On a series of scales of international comparisons such as educational achievement of our youngsters, such as infant mortality, such as cost effectiveness of medical care, our country does very badly as compared to many other countries, even ones that have considerably fewer resources than we do. Yes we are rich but we do not know how to use our money wisely.


Not everyone knows all of those facts. Not everyone is willing to admit that our military adventures have ended in embarrassing failures. For different groups of Americans, their sense of futility, that America has lost its greatness derives from different experiences. For young Black men and women, the continuing violence perpetrated  against them by the police, by prosecutors, juries and judges leaves them profoundly disenchanted with their country and their outlook for their own future. For white working class men whose pay has stagnated for almost 50 years and whose jobs continue to be insecure, the promise of America has been broken that if they worked hard their condition would improve. Their condition has slowly deteriorated; their future looks grim.
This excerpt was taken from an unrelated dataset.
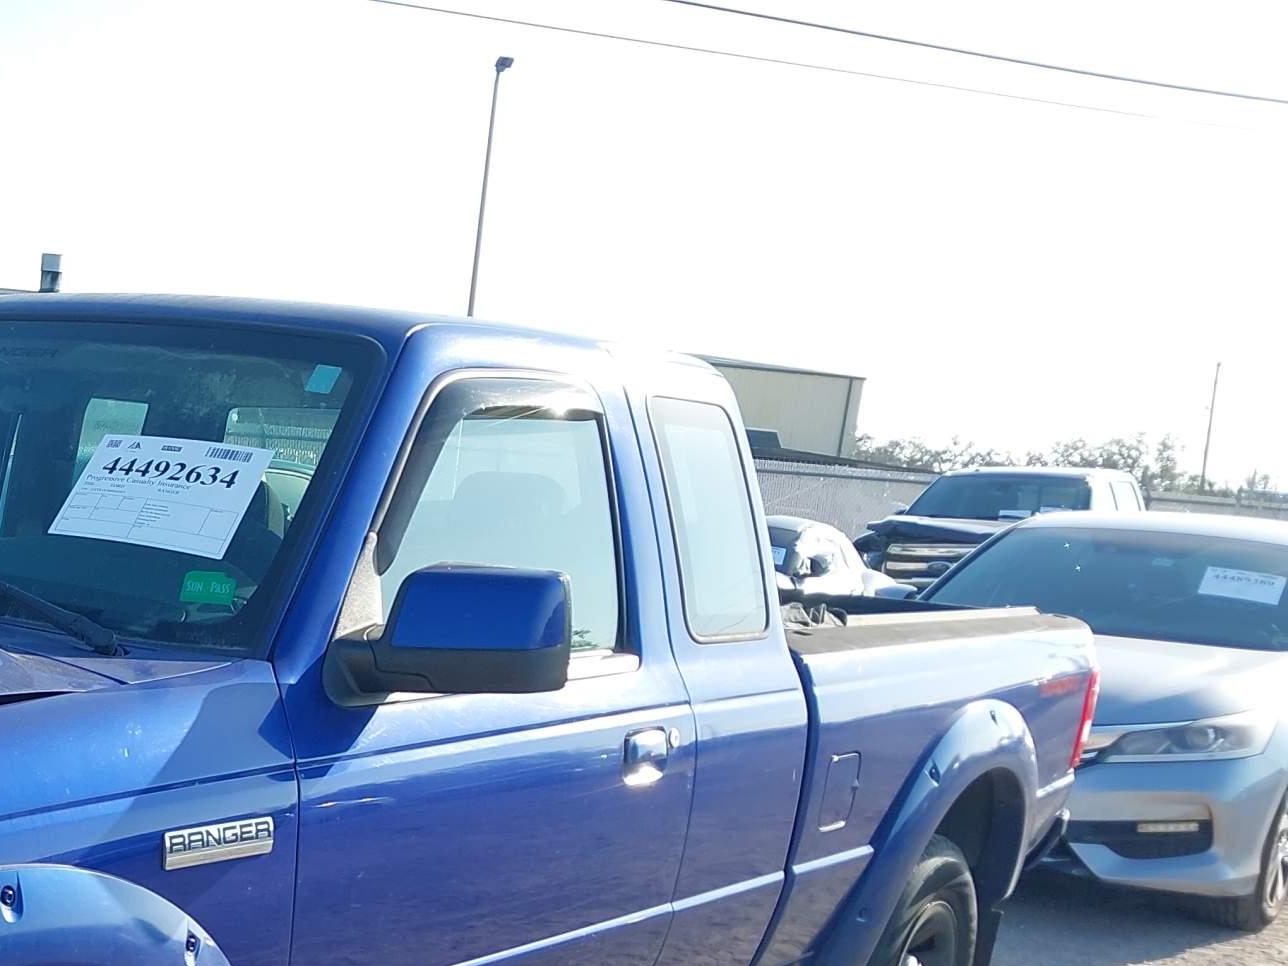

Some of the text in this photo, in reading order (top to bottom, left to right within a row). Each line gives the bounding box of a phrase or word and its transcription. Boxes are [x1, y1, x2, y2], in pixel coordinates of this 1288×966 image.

[102, 456, 240, 489] 44492634
[186, 581, 232, 594] SUN PASS
[168, 820, 272, 854] RANGER
Profound disillusionment of different groups of Americans flows from their different experiences, from the different ways in which they have been betrayed by powerful businesses and powerful political groups.


No wonder that we have an epidemic of drug overdoses not only among the young, both white and brown and black, but among middle-aged white men who have worked hard and see no reason why they should continue to do so. No wonder that we have gangs of young men who are willing to kill each other in the pursuit of illegal gains because for them, too, life is not worth a great deal. Their gangs offer a source of pride that their country  does not provide.


Yes, we need a living wage for many hard-working Americans, we need free education for all of our young people, we need to tame the high cost of medical care due in considerable part to drug companies, to physicians, to the manufacturers of medical machinery trying to get rich.


But none of these reforms will do us a whole lot of good, as long as we drift through our lives without a sense that our lives are worth living, that we stand for important ideals, and pursue noble goals. Whatever political or economic improvements our political leaders might devise, will not make a significant difference unless we are willing to recognize this crisis in our values and to overcome it. As long as the nation is dedicated to getting rich and allows success in gaining wealth only to those who are already too rich, many citizens will find their lives empty, their work unrewarding, and their country an embarrassment.